[Phrase grounding data]
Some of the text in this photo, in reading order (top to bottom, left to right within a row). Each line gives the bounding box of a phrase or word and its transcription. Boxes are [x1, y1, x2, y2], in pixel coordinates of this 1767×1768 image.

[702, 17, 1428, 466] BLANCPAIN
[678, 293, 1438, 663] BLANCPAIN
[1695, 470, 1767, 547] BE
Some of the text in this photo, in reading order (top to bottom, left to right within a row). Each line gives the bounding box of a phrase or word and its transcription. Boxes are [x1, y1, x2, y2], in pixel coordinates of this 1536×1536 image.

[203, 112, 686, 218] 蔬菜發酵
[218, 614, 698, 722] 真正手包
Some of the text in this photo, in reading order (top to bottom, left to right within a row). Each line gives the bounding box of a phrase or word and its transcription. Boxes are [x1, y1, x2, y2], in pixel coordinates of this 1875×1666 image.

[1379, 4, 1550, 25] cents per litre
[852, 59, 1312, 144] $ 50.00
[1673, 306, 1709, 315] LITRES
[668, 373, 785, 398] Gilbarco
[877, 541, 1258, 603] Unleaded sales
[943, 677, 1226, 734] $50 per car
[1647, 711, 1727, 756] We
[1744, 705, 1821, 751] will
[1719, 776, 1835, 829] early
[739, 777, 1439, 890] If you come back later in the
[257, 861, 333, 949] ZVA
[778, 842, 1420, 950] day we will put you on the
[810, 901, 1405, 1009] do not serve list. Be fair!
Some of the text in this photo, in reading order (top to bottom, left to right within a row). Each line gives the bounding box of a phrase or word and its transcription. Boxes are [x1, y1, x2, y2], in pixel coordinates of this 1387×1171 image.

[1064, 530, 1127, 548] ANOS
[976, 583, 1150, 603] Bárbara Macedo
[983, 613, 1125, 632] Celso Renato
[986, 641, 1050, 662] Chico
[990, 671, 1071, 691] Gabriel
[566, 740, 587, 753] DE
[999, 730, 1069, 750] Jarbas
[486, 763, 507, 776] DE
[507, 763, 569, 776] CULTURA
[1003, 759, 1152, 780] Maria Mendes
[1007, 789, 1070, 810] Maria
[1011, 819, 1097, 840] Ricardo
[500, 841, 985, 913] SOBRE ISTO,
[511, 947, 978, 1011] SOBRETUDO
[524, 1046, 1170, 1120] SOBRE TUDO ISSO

• What needs to be done:
Transcribe each line of the data exactly, skipping none.

• Answer area:
Some of the text in this photo, in reading order (top to bottom, left to right within a row). Each line gives the bounding box of a phrase or word and its transcription. Boxes are [x1, y1, x2, y2], in pixel coordinates of this 1767×1768 image.

[702, 17, 1428, 466] BLANCPAIN
[678, 293, 1438, 663] BLANCPAIN
[1695, 470, 1767, 547] BE
Some of the text in this photo, in reading order (top to bottom, left to right within a row). Each line gives the bounding box of a phrase or word and its transcription. Boxes are [x1, y1, x2, y2], in pixel coordinates of this 1536×1536 image.

[203, 112, 686, 218] 蔬菜發酵
[218, 614, 698, 722] 真正手包
Some of the text in this photo, in reading order (top to bottom, left to right within a row). Each line gives the bounding box of a phrase or word and its transcription. Boxes are [x1, y1, x2, y2], in pixel coordinates of this 1875×1666 image.

[1379, 4, 1550, 25] cents per litre
[852, 59, 1312, 144] $ 50.00
[1673, 306, 1709, 315] LITRES
[668, 373, 785, 398] Gilbarco
[877, 541, 1258, 603] Unleaded sales
[943, 677, 1226, 734] $50 per car
[1647, 711, 1727, 756] We
[1744, 705, 1821, 751] will
[1719, 776, 1835, 829] early
[739, 777, 1439, 890] If you come back later in the
[257, 861, 333, 949] ZVA
[778, 842, 1420, 950] day we will put you on the
[810, 901, 1405, 1009] do not serve list. Be fair!
Some of the text in this photo, in reading order (top to bottom, left to right within a row). Each line gives the bounding box of a phrase or word and its transcription. Boxes are [x1, y1, x2, y2], in pixel coordinates of this 1387×1171 image.

[1064, 530, 1127, 548] ANOS
[976, 583, 1150, 603] Bárbara Macedo
[983, 613, 1125, 632] Celso Renato
[986, 641, 1050, 662] Chico
[990, 671, 1071, 691] Gabriel
[566, 740, 587, 753] DE
[999, 730, 1069, 750] Jarbas
[486, 763, 507, 776] DE
[507, 763, 569, 776] CULTURA
[1003, 759, 1152, 780] Maria Mendes
[1007, 789, 1070, 810] Maria
[1011, 819, 1097, 840] Ricardo
[500, 841, 985, 913] SOBRE ISTO,
[511, 947, 978, 1011] SOBRETUDO
[524, 1046, 1170, 1120] SOBRE TUDO ISSO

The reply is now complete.